A couple decades ago, Howard Gardner, a professor at the Harvard Graduate School of Education, developed the theory of multiple intelligences. In a nutshell, he proposed that there is not a single "intelligence" but seven. Those are:

Visual/spatial intelligence
Musical intelligence
Verbal/linguistic intelligence
Logical/mathematical intelligence
Interpersonal intelligence
Intrapersonal intelligence
Bodily/kinesthetic intelligence

More recently, he added an eighth intelligence to the list, naturalistic. For decent descriptions of these intelligences, see the list here. His theory has been accepted through most of the educational community and is taught to many aspiring teachers, but it has been put in practice in only a very few schools around the world. Instead, most schools continue to value and reward verbal and logical intelligences and are geared toward those.

With unschooling, kids aren't all expected to have the same sort of intelligence. Verbal and logical intelligences aren't valued more, so kids with other intelligences aren't at risk as they are in school. For example, a boy with kinesthetic intelligence might be a discipline case in school, or labeled with dyslexia or ADD, or simply made to feel stupid. As an unschooler, that same boy might learn his ABC's while jumping on the trampoline, start reading while playing video games, or simply and beautifully excel in some physical pursuit. Most importantly, he will never be made to feel he's less for being who he is.

Learning styles go hand in hand with multiple intelligences. Gardner says, "Styles refer to the customary way in which an individual approaches a range of materials—for example, a playful or a planful style." With unschooling, we are able to honor our children's learning styles as well as their intelligences.

For example, the verbal intelligence of both of our girls is indisputable, but Chloe's learning style is playful and verbal, while MJ's is more thoughtful and internal. What I think of as their "secondary intelligences" are different, too, with Chloe's logical and intrapersonal leanings and MJ's musical, visual, and interpersonal ones.

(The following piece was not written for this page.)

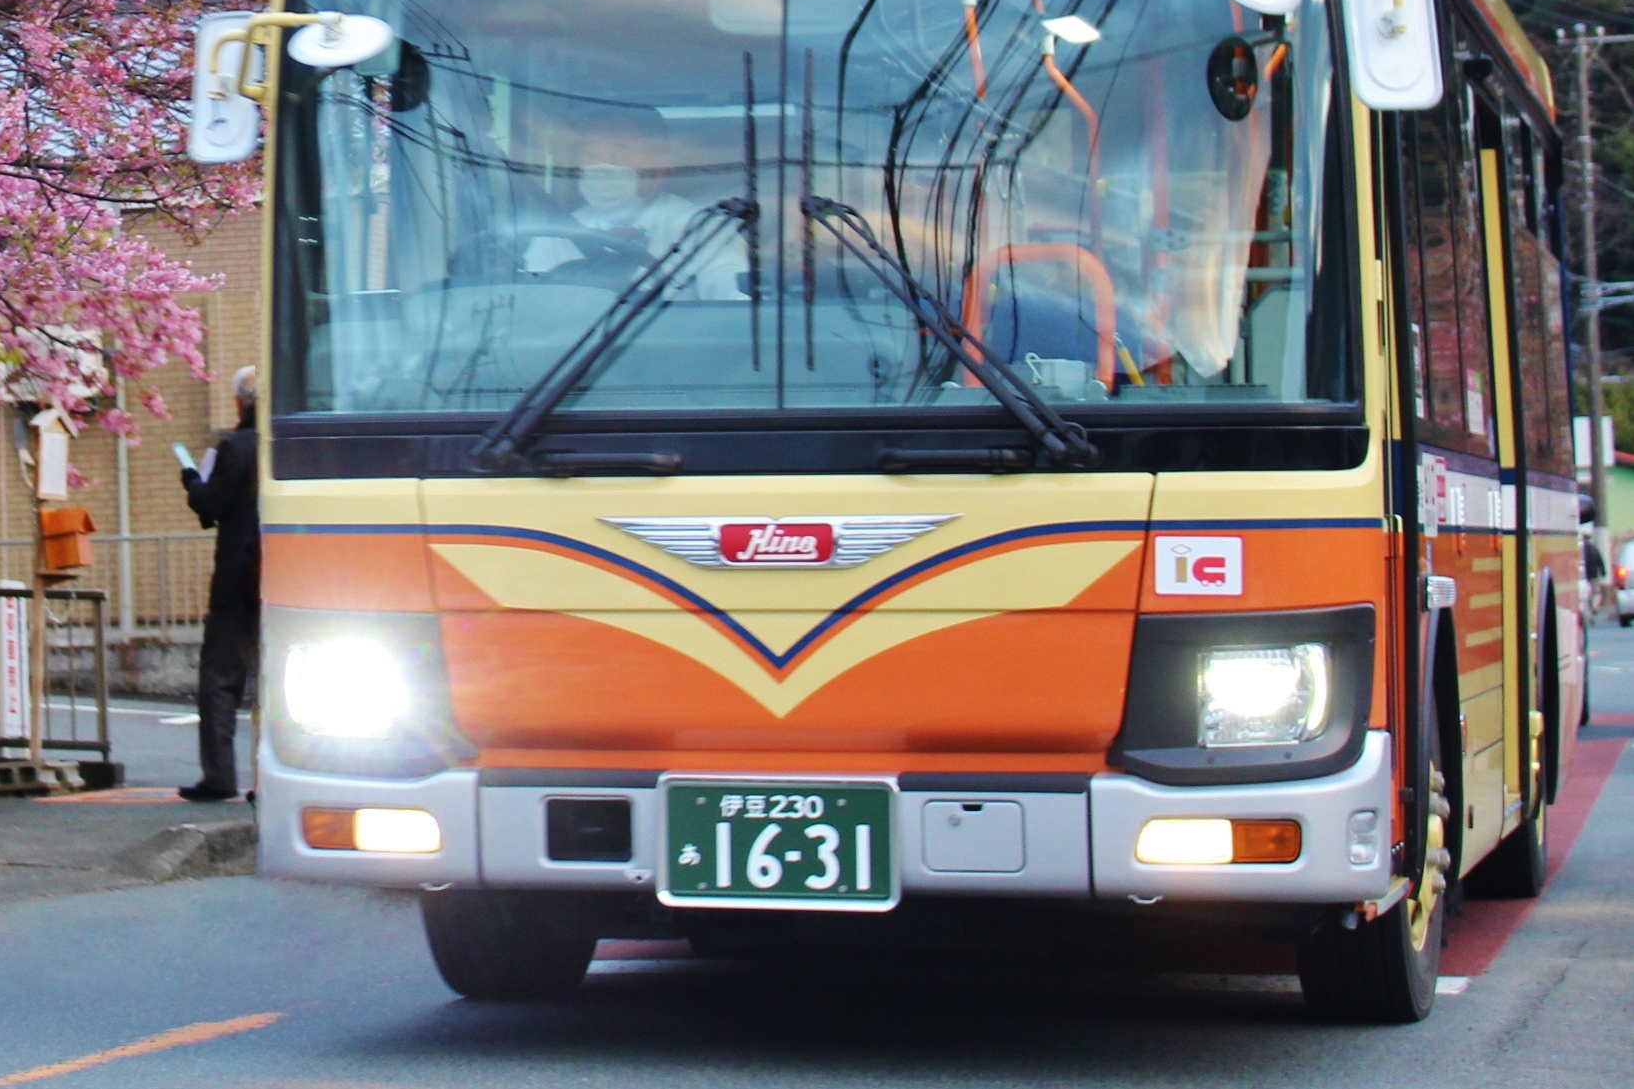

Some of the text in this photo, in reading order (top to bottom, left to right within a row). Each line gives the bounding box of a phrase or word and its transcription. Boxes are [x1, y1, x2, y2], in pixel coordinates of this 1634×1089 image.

So, what does honoring their learning styles and intelligences look like? In Chloe's case, it often looks like conversation! She lights up when we talk, and her experience of anything, whether it's a book or a dream or a trip to the grocery store, isn't complete until it's discussed and, usually, laughed over. She has always been this way. I remember hiring a nanny years ago, long before unschooling, and telling the nanny that Chloe needed to be listened to. We made it a job requirement.

Then there's her sensitivity. She feels hurts very strongly and has had periods of intense awareness of cruelty, hypocrisy, ageism, and, repeatedly, her own isolation from others. (This last is not about social isolation but an understanding that she is alone in her own brain, if that makes sense.) Honoring her intrapersonal processes and periods of grief has required patience, gentleness, and a certain creativity in finding ways to comfort her.

In MJ's case, the honoring often means butting out, something that can be especially challenging for me! She is very independent and very skilled at telling us what she needs, so we really can take our cues from her. Her goals tend to be thought through and well defined, and her pursuit of those goals is deliberate and self-monitored. She's more disciplined than I am, but she never nags, so I too often find myself in the position of holding up her progress because I've procrastinated and then forgotten something she needs me to do. In other words, honoring MJ's intelligence and learning style means daily work on my own faults!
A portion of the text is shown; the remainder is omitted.